邊上站著的大師臉色鐵青,面具下的那張面孔神情幾番變化,陰雲密佈。

江父倏地抬起頭,面色陰狠,眼裡帶著出離的憤怒。

“大師,我女兒突然就這麼走了,你該給我個交代吧!”

他這些年給了對方不知多少錢,就為了讓女兒平安健康地活著。

可是現在,他的寶貝女兒死了!

她還是沒活到二十一歲!

大師淡淡地看著他們,“之前你們的所作所為本就是逆天改命,現在不過是被撥亂反正,一切迴歸原有的位置。”

他語氣高高在上,一副置身事外的模樣,彷彿一切都與他無關。

“我把女兒交到你手上,你一句撥亂反正就想抵消我女兒的命?!”

江母面目猙獰,“這世上哪有這麼便宜的事!”

她的女兒死了,江棉卻活了下來。

可她現在找不到江棉,當然要問罪這個技不如人的罪魁禍首!

江父也面無表情地盯著對方。

帶著面具的大師冷漠一笑,眼神裡帶著幾分蔑視,“怎麼,你們這是打算找我興師問罪?”

江父面沉如水,“興師問罪不至於,但您這麼有本事,當然有辦法讓我女兒活過來吧!”

“當然可以。”大師回答得很乾脆,“你們是她的至親,想要她活過來,拿自己的命來做交換便可。”
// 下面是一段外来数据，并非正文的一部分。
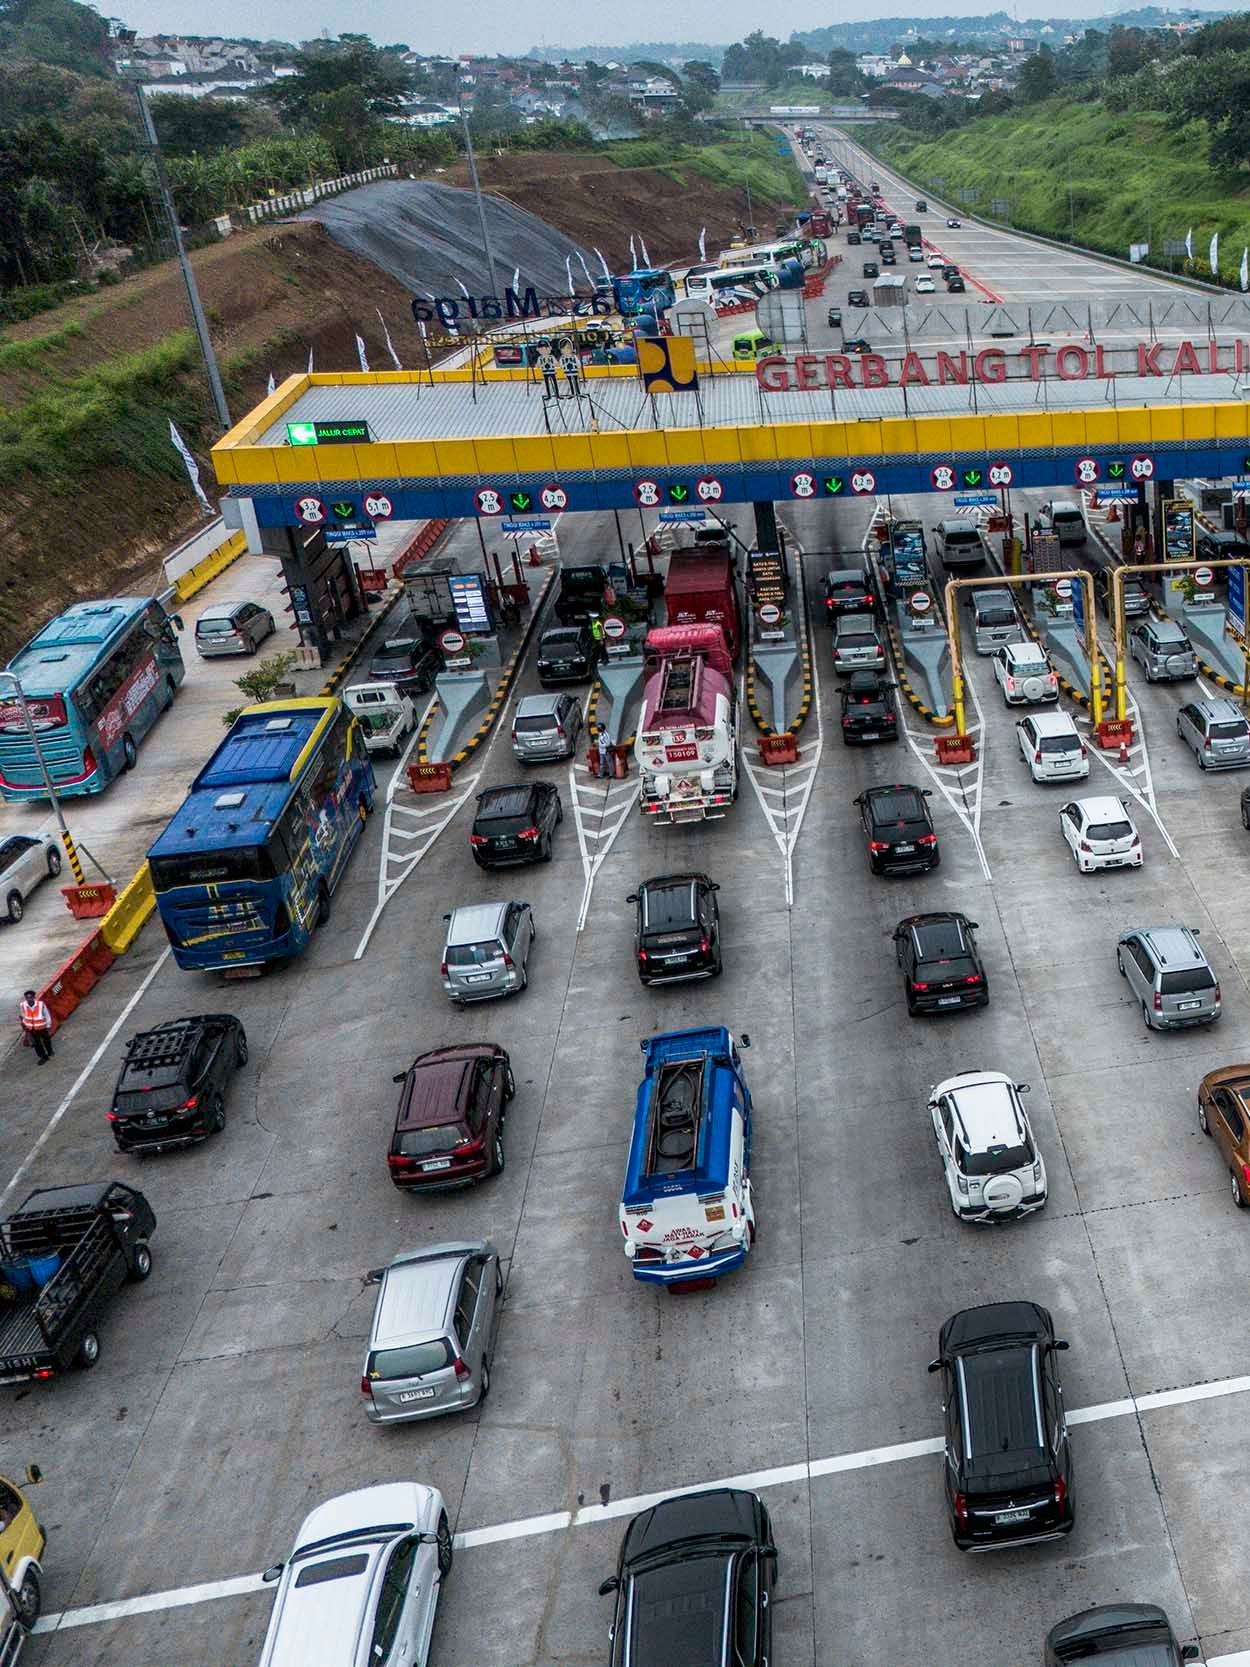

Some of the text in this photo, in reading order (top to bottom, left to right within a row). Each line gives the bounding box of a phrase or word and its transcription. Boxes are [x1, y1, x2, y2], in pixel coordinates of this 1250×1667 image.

他並未因江悅悅死了,就心生愧疚,覺得自己對不住江家人。

一來他早就見慣了生死,人命在他眼裡,不過一串冰冷的數字。

二來,這逆天改命哪有百分百成功的,中途出現岔子,是常有的事。

江父江母面色扭曲了一瞬。

二人眼底閃著兇光,表情卻逐漸平靜下來,“既然如此,那您先回去吧。”

江父黑框眼鏡下的那雙眸子,浮現出陰鷙的光。

害死悅悅的人,自己是不會放過的。

包括江棉。

包括這個技不如人的所謂大師。

大師淡淡地看了他們一眼,面上不動聲色,心中卻浮現出了一絲殺意。

白眼狼是喂不飽的。

幫了他們這麼久,他們卻想對自己動手。

呵,自作孽,不可活!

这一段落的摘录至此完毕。